Any image found in the entries is to be skipped; the rest is returned word for word.
BEGIN THE RECORDS
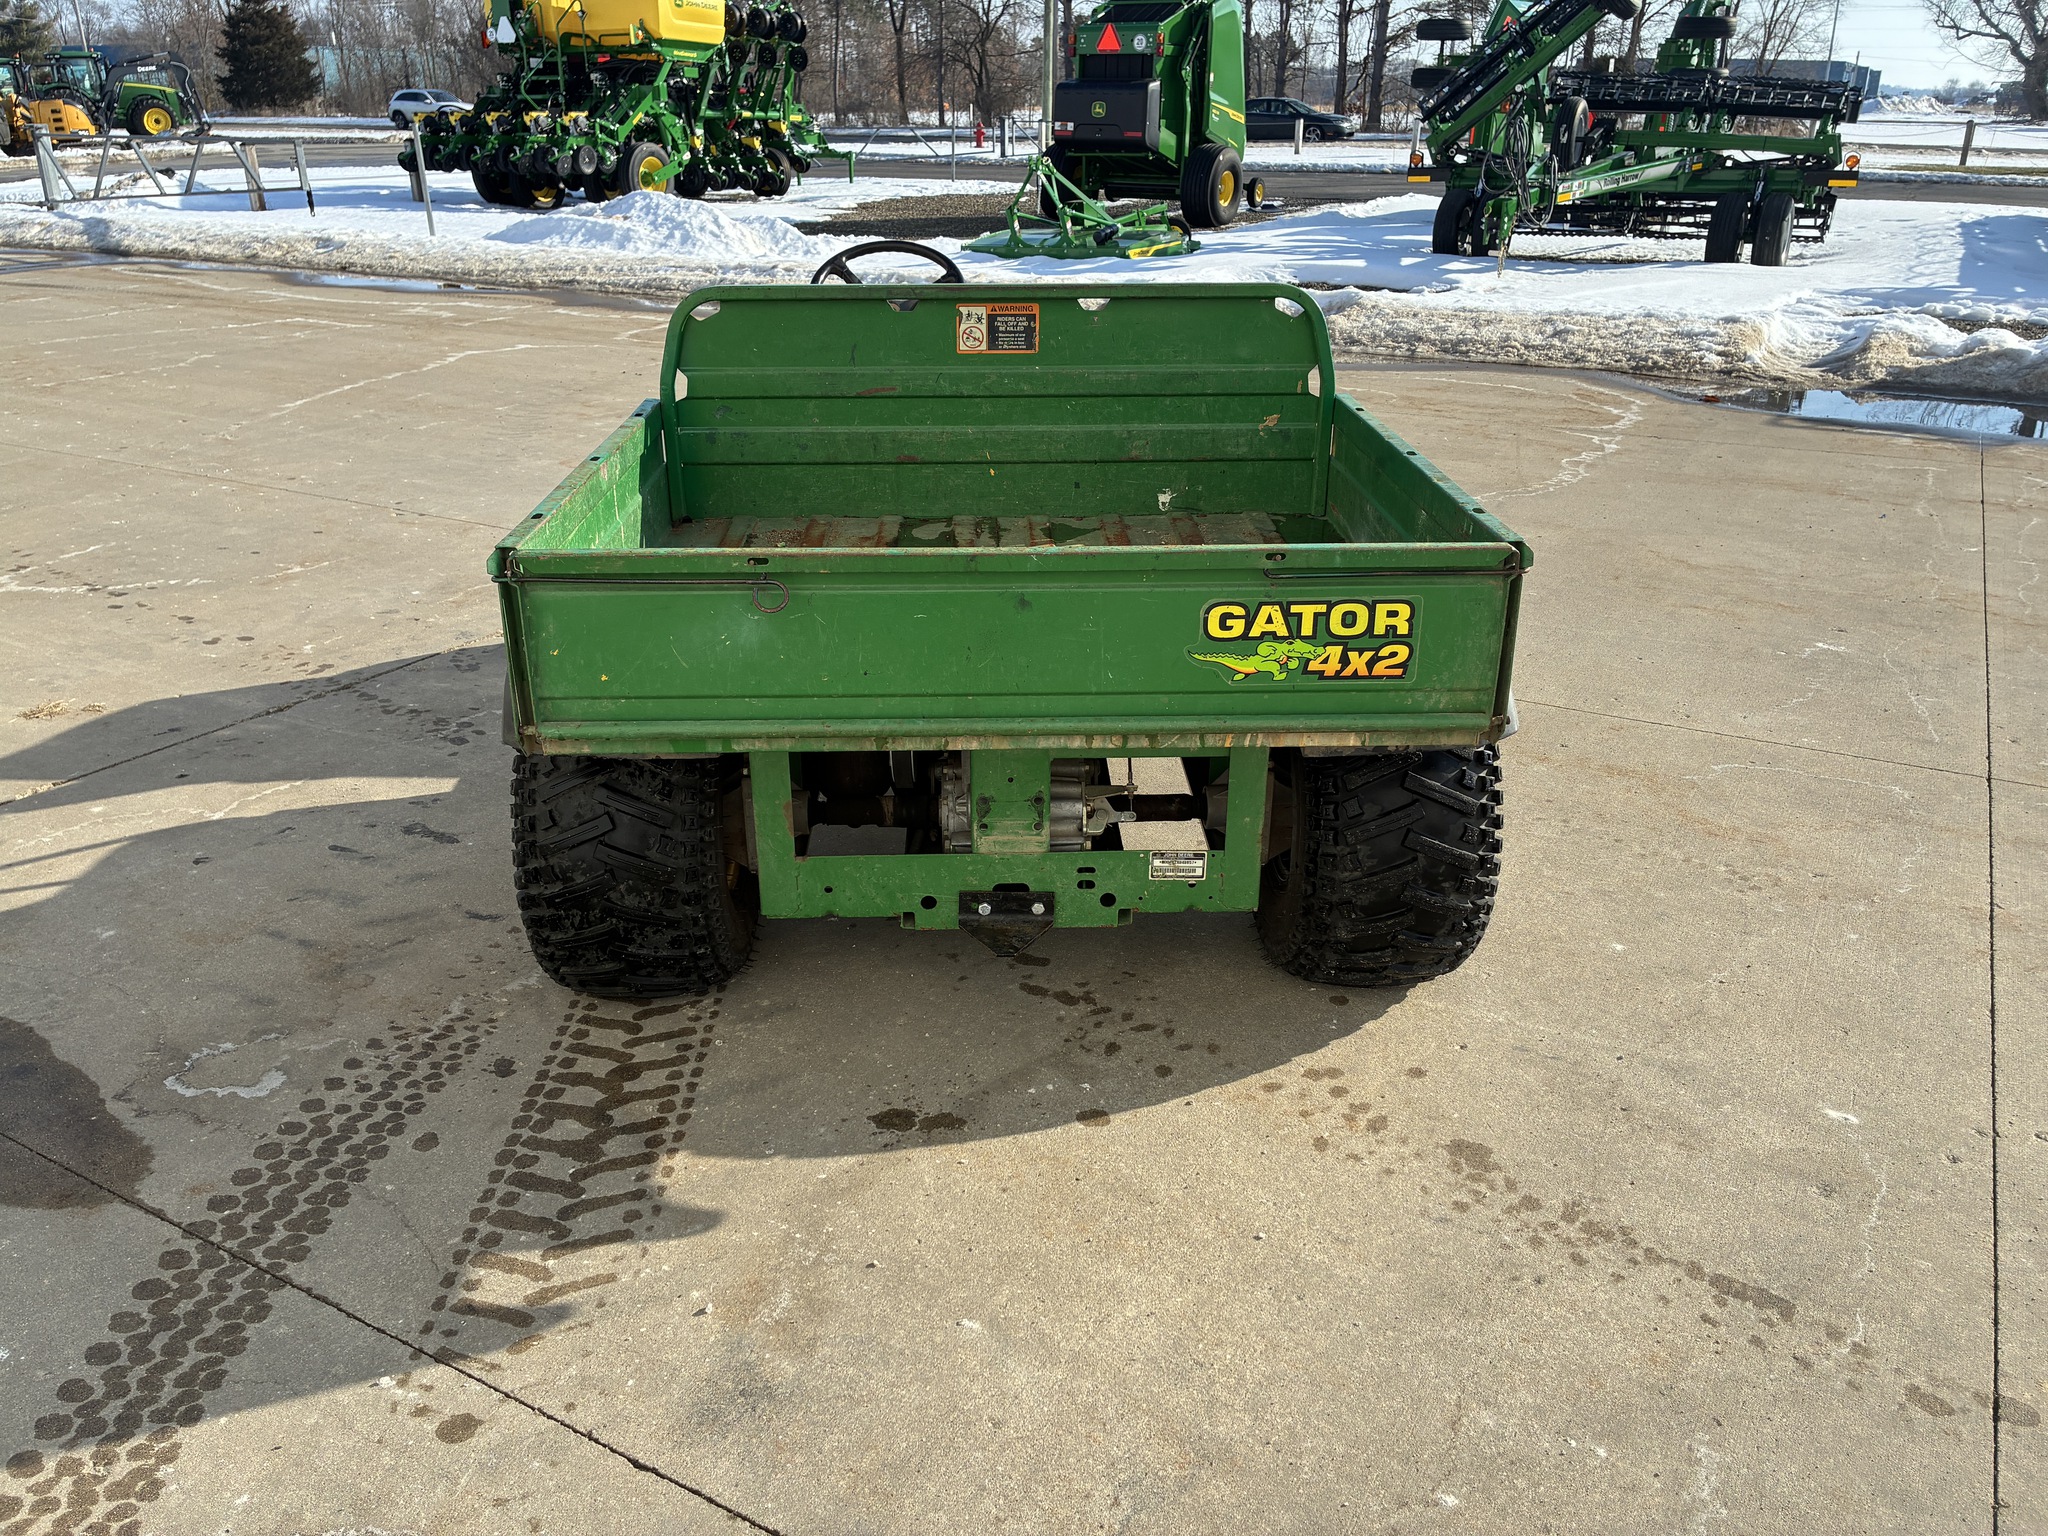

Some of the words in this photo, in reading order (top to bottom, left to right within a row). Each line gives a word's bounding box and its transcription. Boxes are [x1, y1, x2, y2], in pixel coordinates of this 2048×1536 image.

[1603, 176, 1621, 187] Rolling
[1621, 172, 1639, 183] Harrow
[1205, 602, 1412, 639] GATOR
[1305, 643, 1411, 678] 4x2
END THE RECORDS
EXERCISE RESULT:
Some of the words in this photo, in reading order (top to bottom, left to right within a row). Each line gives a word's bounding box and its transcription. Boxes are [x1, y1, x2, y2], in pixel coordinates of this 2048×1536 image.

[1603, 176, 1621, 187] Rolling
[1621, 172, 1639, 183] Harrow
[1205, 602, 1412, 639] GATOR
[1305, 643, 1411, 678] 4x2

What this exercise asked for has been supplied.